In this day in age where the common man’s cell phone can access and post worldwide information, play music videos, and contact civilization from almost anywhere in the world, it’s no wonder why we nearly kill ourselves trying to get hold of the latest iPhone. However, I believe that the electronic barrier that separates us from reality is like chocolate; a little bit for enjoyment once and a while is fine, but too much can be harmful. In the case of technology, it causes us to not only isolate ourselves, missing life’s great experiences, but also isolates us from social activity.
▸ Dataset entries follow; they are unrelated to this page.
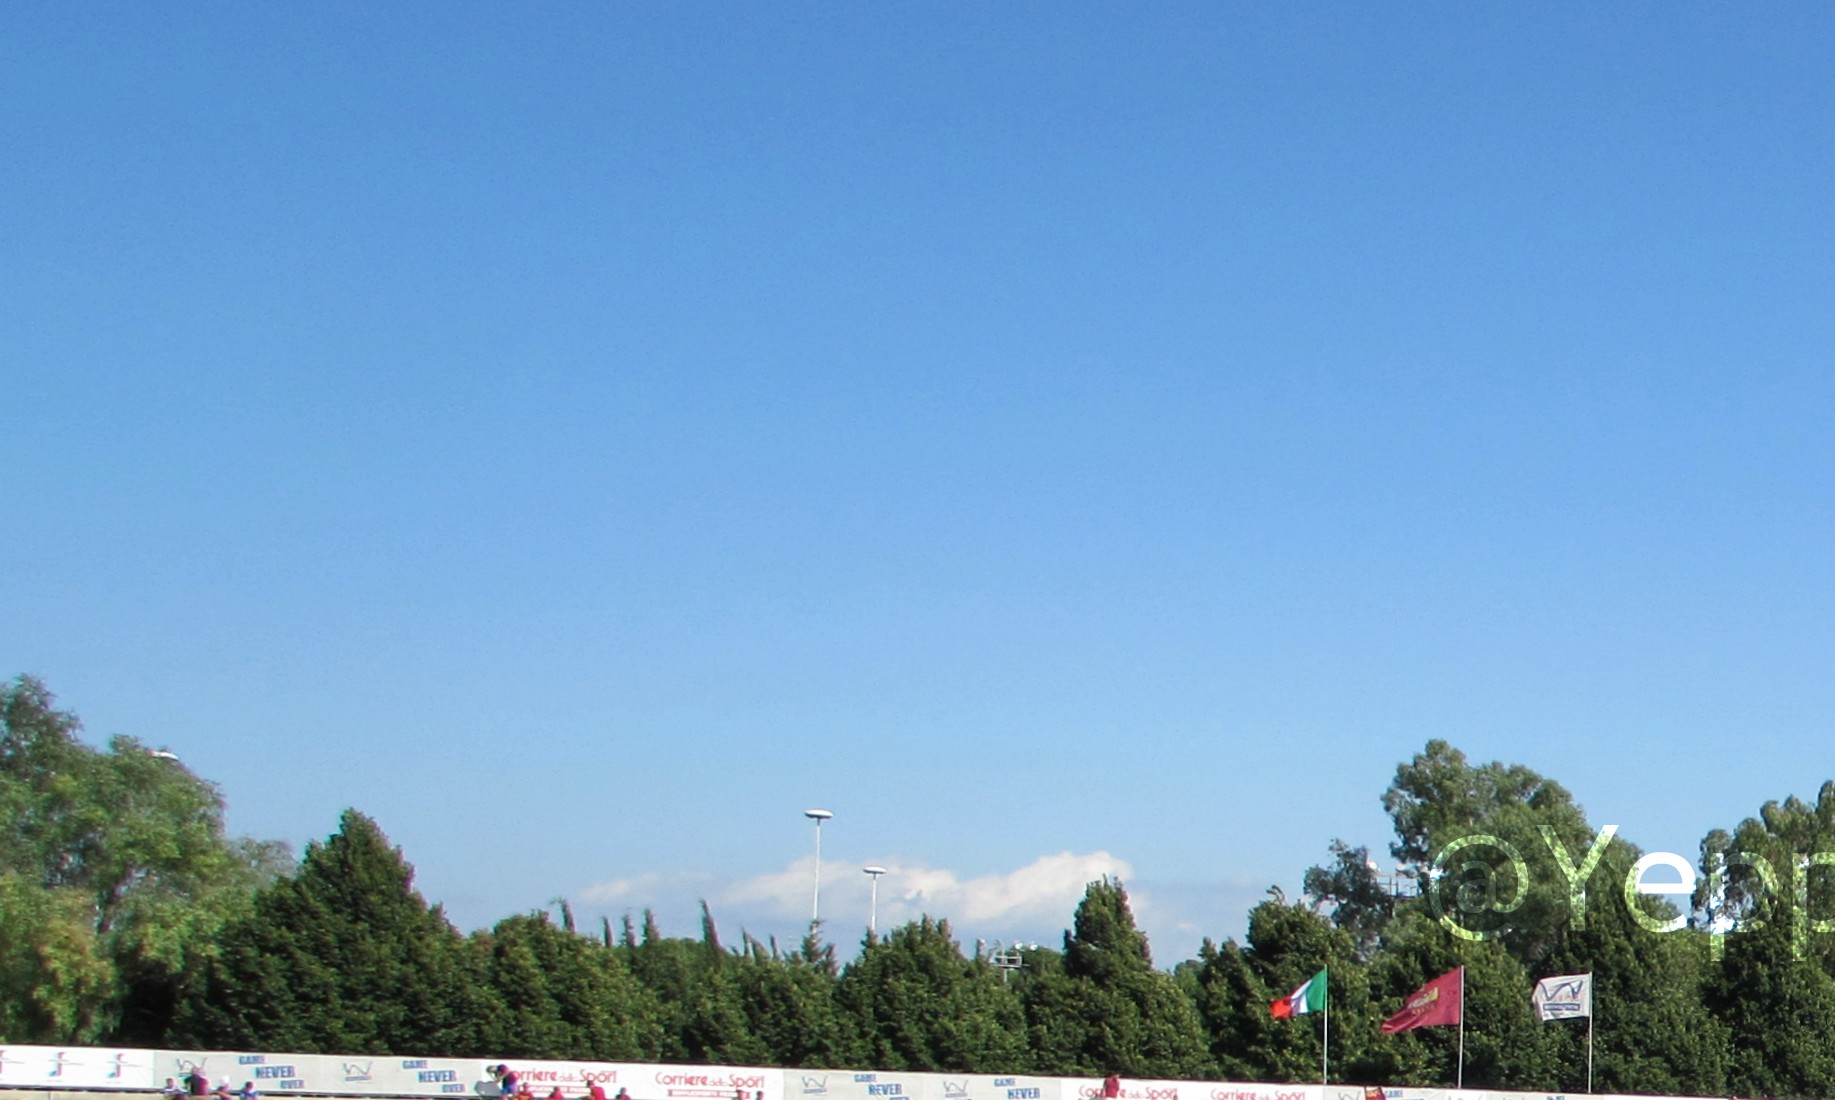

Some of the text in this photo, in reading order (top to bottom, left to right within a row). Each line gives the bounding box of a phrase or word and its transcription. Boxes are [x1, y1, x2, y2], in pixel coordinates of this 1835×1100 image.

[255, 1065, 295, 1079] NEVER
[418, 1070, 457, 1083] NEVER
[868, 1083, 903, 1096] NEVER
[1007, 1087, 1041, 1100] NEVER
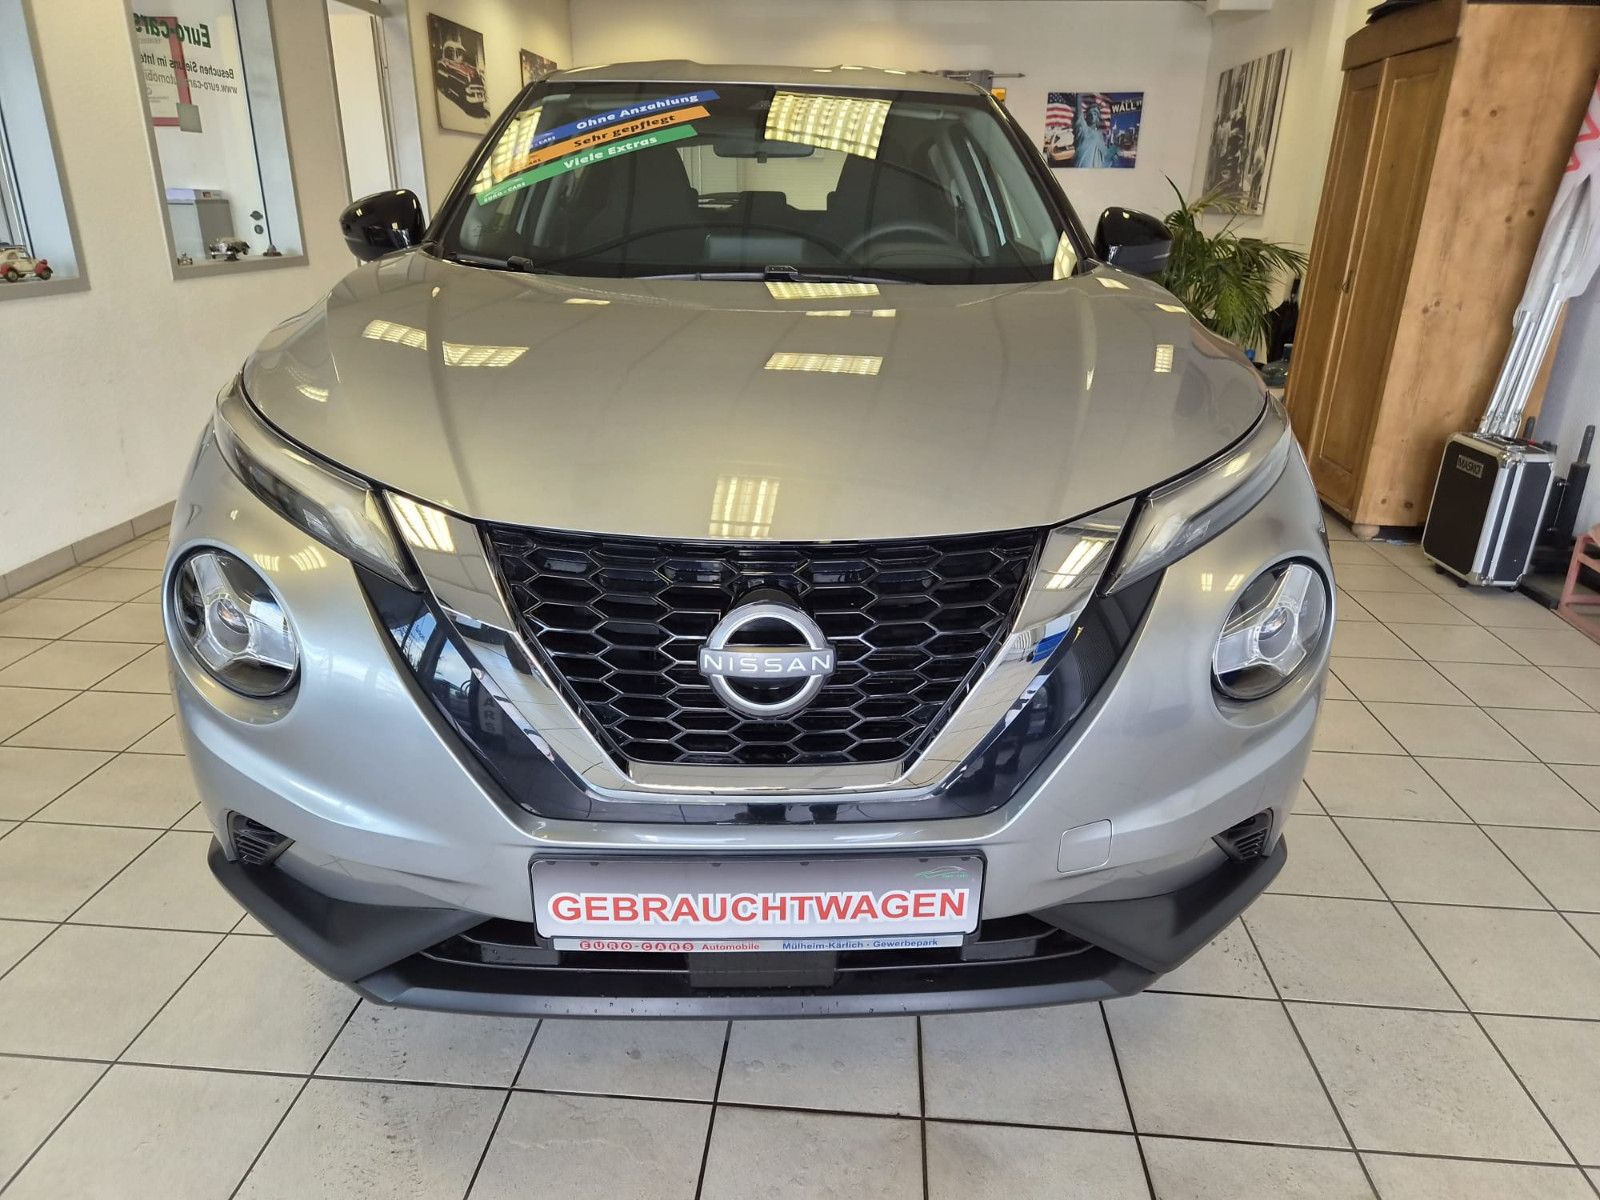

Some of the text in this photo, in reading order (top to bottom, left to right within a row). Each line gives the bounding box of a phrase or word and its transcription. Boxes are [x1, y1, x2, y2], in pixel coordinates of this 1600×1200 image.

[576, 94, 699, 131] Ohne Anzahlung
[1111, 99, 1136, 113] WALL
[574, 114, 676, 148] Sehr gepflegt
[563, 151, 604, 170] Viele
[608, 135, 658, 156] Extras
[704, 654, 830, 673] NISSAN
[550, 890, 968, 924] GEBRAUCHTWAGEN
[701, 942, 760, 951] Automobile
[782, 939, 864, 950] Mülheim-Kärlich
[873, 938, 938, 949] Gewerbepark
Being isolated from the real world can take away much of life’s joys. This past summer, I had the opportunity to go to Philmont Scout Ranch in Cimarron, New Mexico to go backpacking in the mountains for two weeks with some of my friends from Boy Scouts. After months of physical training and a year of saving my pennies, the departure date finally came. Listening to my iPod and texting through nearly the whole plane trip to Denver and van ride to Cimarron, we arrived at the Ranch before I knew it. I left all of my electronics in the renal van to avoid excess hiking weight and risk of breaking my precious barriers. After two weeks of amazing experiences, breathtaking views, and highly unusual food, we all were getting along better than ever and I enjoyed myself more than I ever have. When the time finally came to leave, we all hopped back into the van and talked and laughed about the funny stories and amazing experiences that we had. Driving through New Mexico, I saw mountains and mesas that I had not seen on the way, thanks to the barrier my iPod and cell phone provided, keeping me busy all the way. Flying home at night, I managed to spot several firework shows and baseball games through the clear night sky, while some of my friends decided to lunge back into their electronic barrier, not taking the time to enjoy this moment.
My first day back home from the ranch I began to realize how much technology has isolated everyone in modern society. Still weary from hiking 80 miles, I rode my bike to my workplace, the neighborhood pool, where I would be expected to lifeguard in a few minutes. When I climbed into my white throne, something irritated me that I had not noticed before. All the mothers with little children nearby were tanning, talking on their cell phone or arranging dates on their PDA organizer, failing to pay any attention at all to their child. Meanwhile, a group of middle-school girls sat in a circle in the grass, not talking together, but rather texting to other friends across town. During my rest period, I walked into our pool office hoping to make conversation, only to find the other two lifeguards playing handheld videogames and my manager playing solitaire on his laptop.
Being away from technology for two weeks has shown me what I truly believe; that is technology can create a strong barrier that blocks important and meaningful experiences in life isolates and us from society.